First Mars rover landed 20 years ago today

By T.K. Randall
July 4, 2017 · Comment icon 2 comments

The different sizes and designs of NASA's Mars rovers over the years. Image Credit: NASA
It has been exactly two decades since NASA's Pathfinder mission touched down on the surface of Mars.
There was a time when the idea of operating a remote-controlled vehicle on another world was the stuff of science fiction, but on July 4, 1997, the dream became a reality when the Pathfinder mission, which brought with it a small rover known as Sojourner, touched down on the Martian surface.

It was the first successful Mars landing for NASA since the Viking missions in the 1970s and the rover, which was designed to operate for one week, managed to keep going for three whole months.
The mission was followed up in 2004 by the landing of two twin rovers, Spirit and Opportunity, which began scouring the planet's surface for evidence of its watery past.

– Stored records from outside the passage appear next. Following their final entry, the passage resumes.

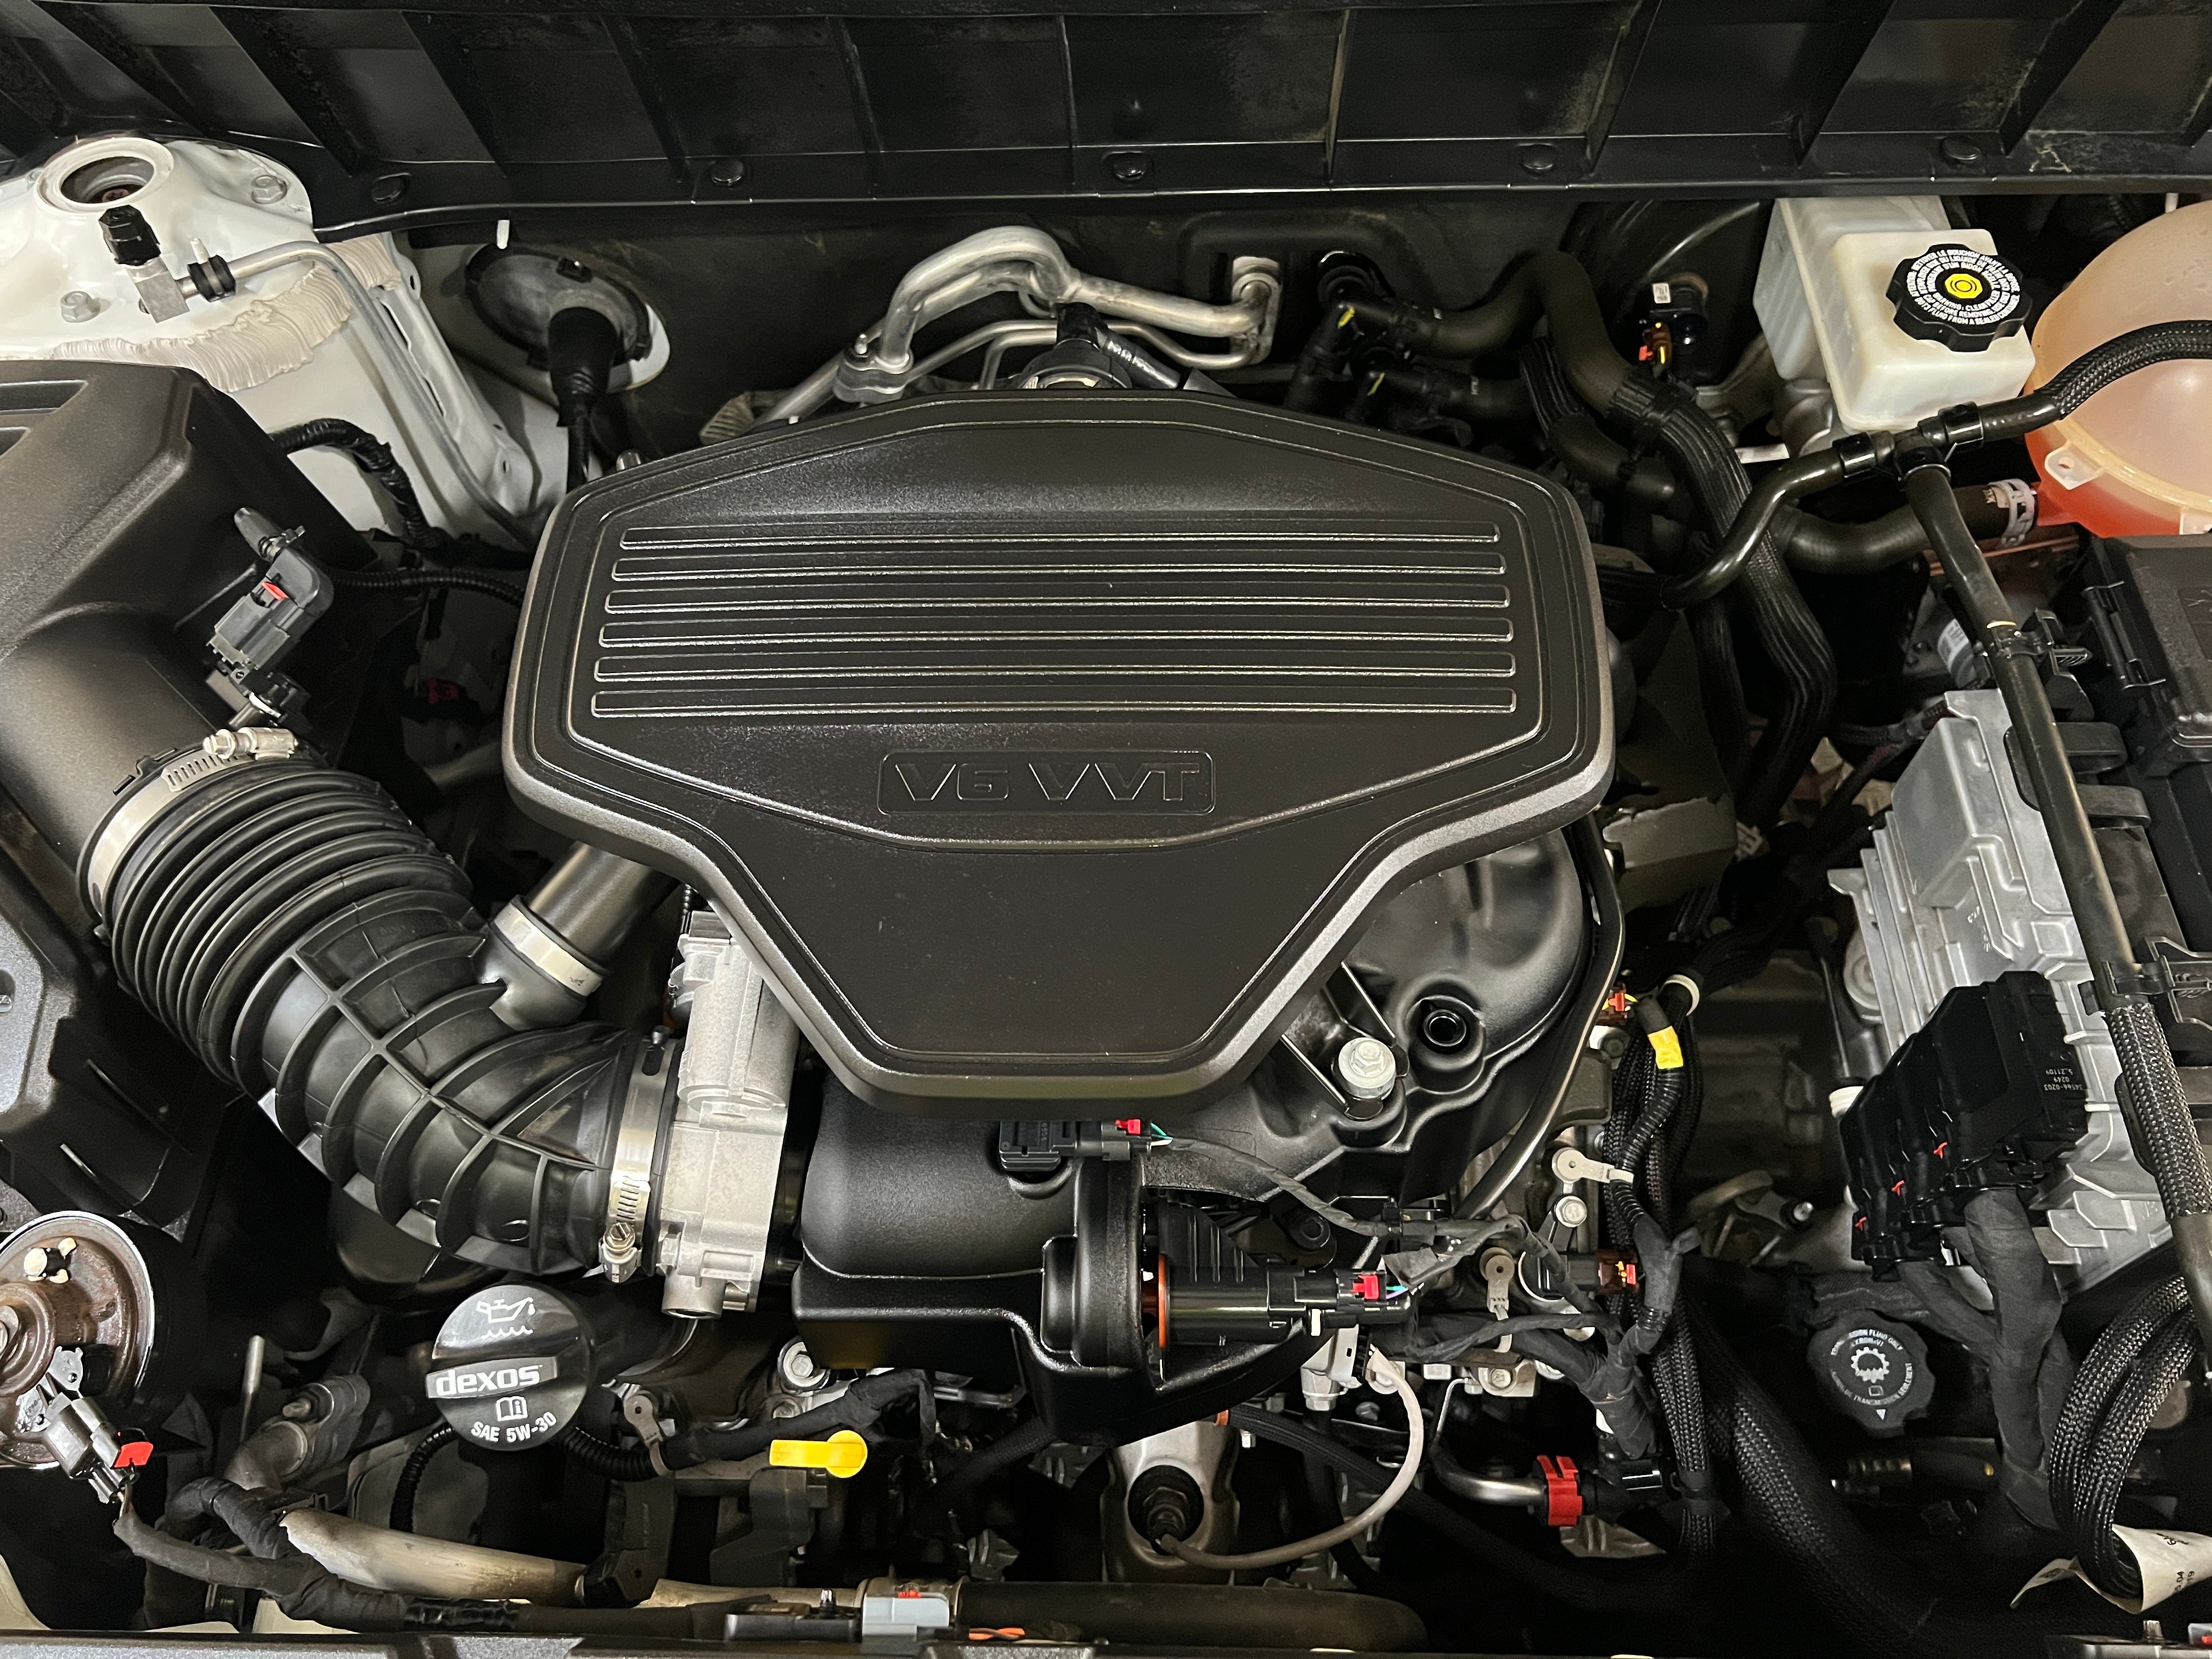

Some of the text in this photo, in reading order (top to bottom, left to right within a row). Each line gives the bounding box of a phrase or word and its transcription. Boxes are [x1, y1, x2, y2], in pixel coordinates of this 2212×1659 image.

[1946, 249, 1980, 258] BOUCHON
[1978, 255, 2002, 268] AVANT
[1997, 266, 2009, 275] LA
[1949, 255, 1977, 264] LIQUIDE
[1961, 262, 1984, 273] BIDON
[1923, 294, 1936, 303] CAP
[1932, 301, 1959, 317] BEFORE
[1927, 307, 1949, 320] FLUID
[1947, 315, 1968, 325] FROM
[1965, 302, 1989, 312] CLEAN
[895, 763, 1200, 802] V6 VVT
[436, 1364, 540, 1396] dexos
[471, 1411, 557, 1443] SAE 5W-30

Spirit sadly stopped working back in 2010, two years before NASA's car-sized Curiosity rover landed in Gale Crater, but incredibly, Opportunity remains operational even to this day.

"Pathfinder initiated two decades of continuous Mars exploration, bringing us to the threshold of sample return and the possibility of humans on the first planet beyond Earth," said Michael Meyer, lead scientist for NASA's Mars Exploration Program at the agency's headquarters in Washington.



Source: Space.com | Comments (2)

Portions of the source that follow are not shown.